2. En premier lieu, il ressort des pièces du dossier que pour refuser de délivrer un titre de séjour portant la mention " salarié " à M. B..., le préfet du Rhône a notamment relevé que, si l'intéressé produit un contrat de travail pour l'occupation d'un emploi ouvert aux ressortissants tunisiens en application de l'accord franco-tunisien du 17 mars 1988, la société qui l'emploie ne justifie pas respecter la législation relative au travail et à la protection sociale, et n'a pas transmis de documents permettant de vérifier que les conditions d'emploi et de rémunération offertes à M. B... étaient comparables à celles des autres salariés. Si le requérant fait valoir l'ancienneté de l'avis défavorable rendu par la Direccte, dont il conteste les motifs, et soutient qu'il appartenait au préfet de statuer sur sa demande d'autorisation de travail, en tout état de cause, aucune stipulation de l'accord franco-tunisien ni aucune disposition législative ou réglementaire n'impose au préfet, saisi par un ressortissant étranger déjà présent sur le territoire national et qui ne dispose pas d'un visa de long séjour, d'examiner la demande d'autorisation de travail ou de la faire instruire, préalablement à ce qu'il soit statué sur la délivrance de titre de séjour. Le préfet du Rhône a également fondé sa décision sur l'absence de visa de long séjour et ce motif n'est pas contesté.

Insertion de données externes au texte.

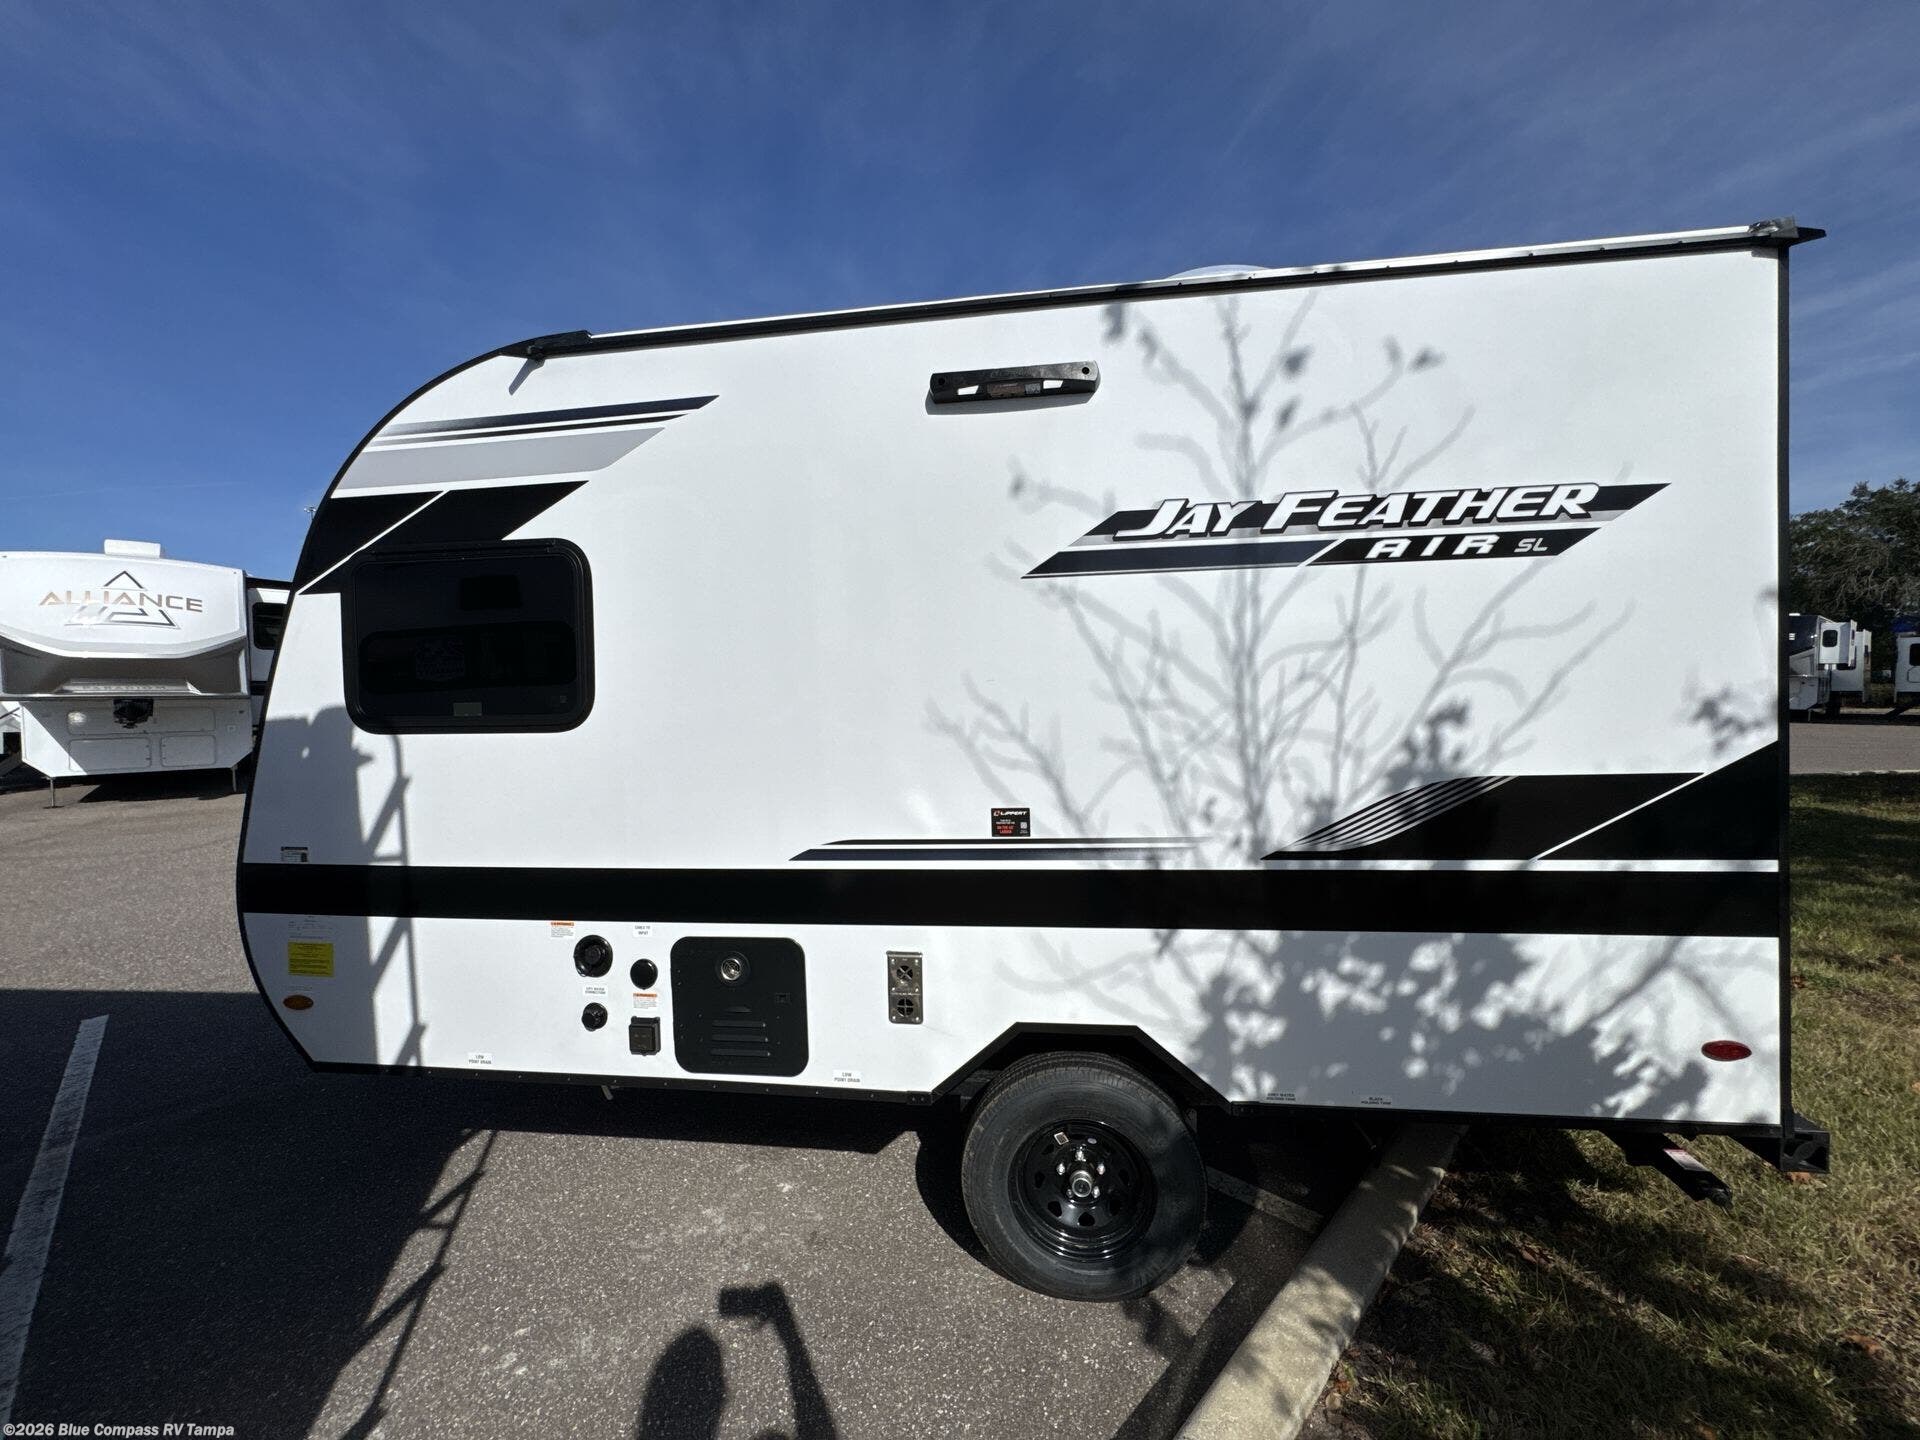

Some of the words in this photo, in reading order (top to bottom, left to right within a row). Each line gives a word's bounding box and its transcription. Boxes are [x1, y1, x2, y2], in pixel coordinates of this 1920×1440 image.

[1112, 498, 1262, 542] JAY
[1260, 482, 1600, 535] FEATHER
[1365, 534, 1500, 559] AIR
[1514, 538, 1548, 553] SL
[39, 590, 203, 613] ALLIANCE

3. En deuxième lieu, le préfet du Rhône a considéré, après examen, que la situation de l'intéressé ne répondait pas à des considérations humanitaires ou à des motifs exceptionnels justifiant une admission exceptionnelle au séjour. Le préfet du Rhône s'est fondé, à tort, sur les dispositions de l'article L. 435-1 du code de l'entrée et du séjour des étrangers et du droit d'asile, inapplicables à la situation de l'intéressé, s'agissant d'un point déjà traité par l'accord franco-tunisien, au sens de l'article 11 de cet accord. Toutefois, cette décision trouve un fondement légal dans l'exercice par le préfet de son pouvoir de régularisation discrétionnaire. L'administration dispose du même pouvoir d'appréciation dans l'exercice de ce pouvoir que lorsqu'elle examine une demande d'admission exceptionnelle au séjour au titre de l'activité professionnelle présentée sur le fondement de l'article L. 435-1 du code de l'entrée et du séjour des étrangers et du droit d'asile. Par suite, ce fondement légal peut être substitué, comme l'ont relevé les premiers juges, au fondement erroné retenu par le préfet, cette substitution n'ayant pour effet de priver l'intéressé d'aucune garantie. Le moyen tiré de l'erreur de droit ainsi commise par le préfet du Rhône doit dès lors être écarté.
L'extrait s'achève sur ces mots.